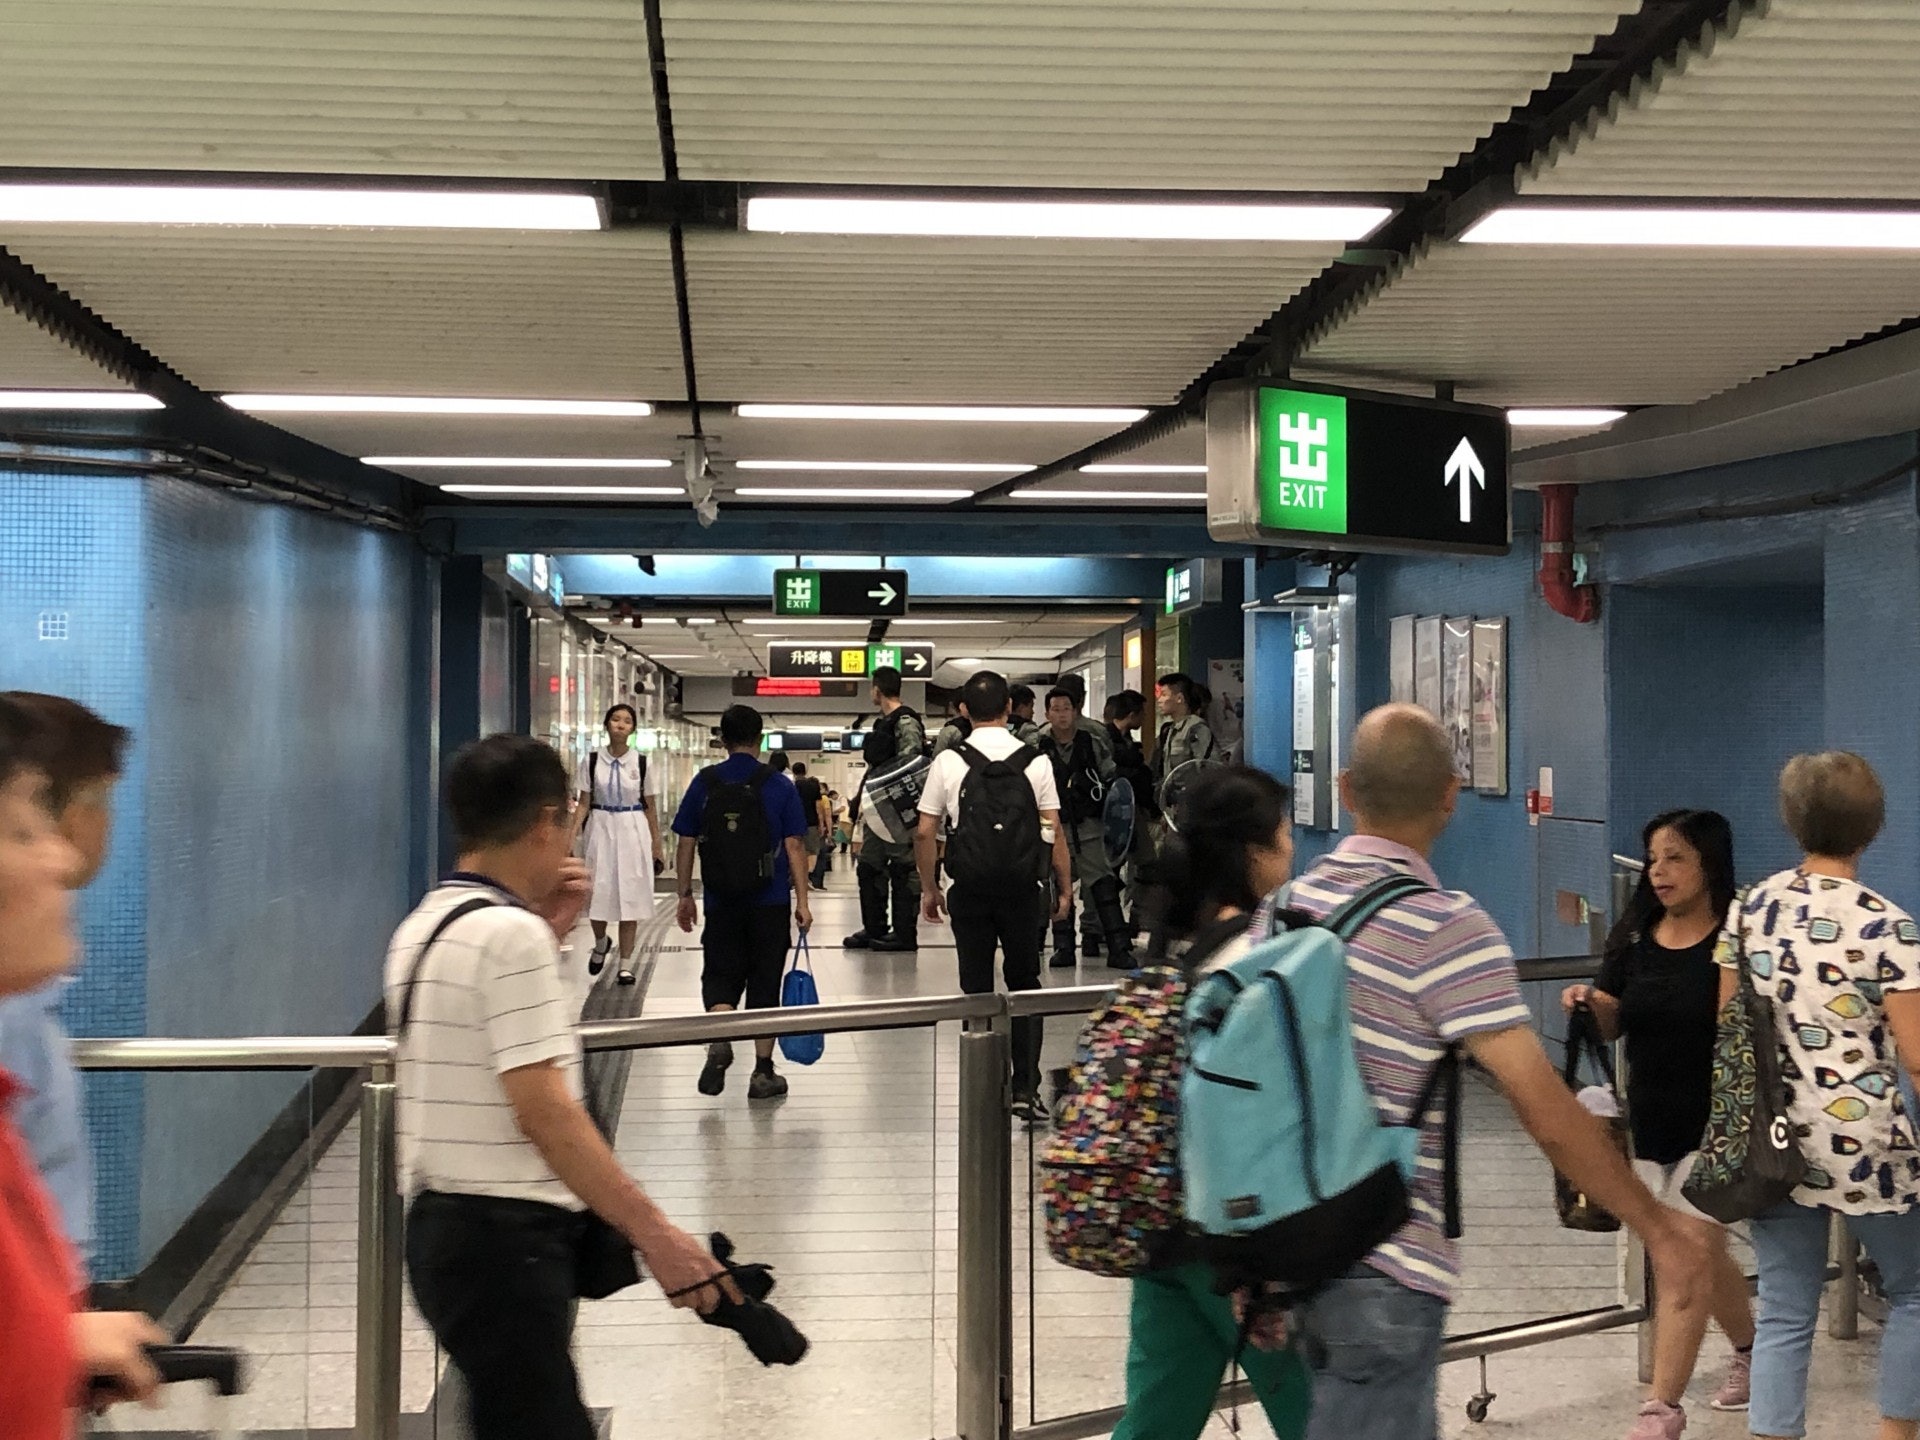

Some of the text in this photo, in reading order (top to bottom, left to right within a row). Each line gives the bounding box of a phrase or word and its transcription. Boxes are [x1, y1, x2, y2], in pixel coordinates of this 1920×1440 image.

[1279, 412, 1328, 482] 出
[1279, 482, 1328, 509] EXIT
[786, 577, 811, 600] 出
[786, 600, 811, 609] EXIT
[790, 650, 833, 665] 升降機
[820, 666, 833, 674] Lift

## What to produce:
Aside from its pictures, the listing must be given again in full, exactly as it appears.

## Result of the task:
Some of the text in this photo, in reading order (top to bottom, left to right within a row). Each line gives the bounding box of a phrase or word and its transcription. Boxes are [x1, y1, x2, y2], in pixel coordinates of this 1920×1440 image.

[1279, 412, 1328, 482] 出
[1279, 482, 1328, 509] EXIT
[786, 577, 811, 600] 出
[786, 600, 811, 609] EXIT
[790, 650, 833, 665] 升降機
[820, 666, 833, 674] Lift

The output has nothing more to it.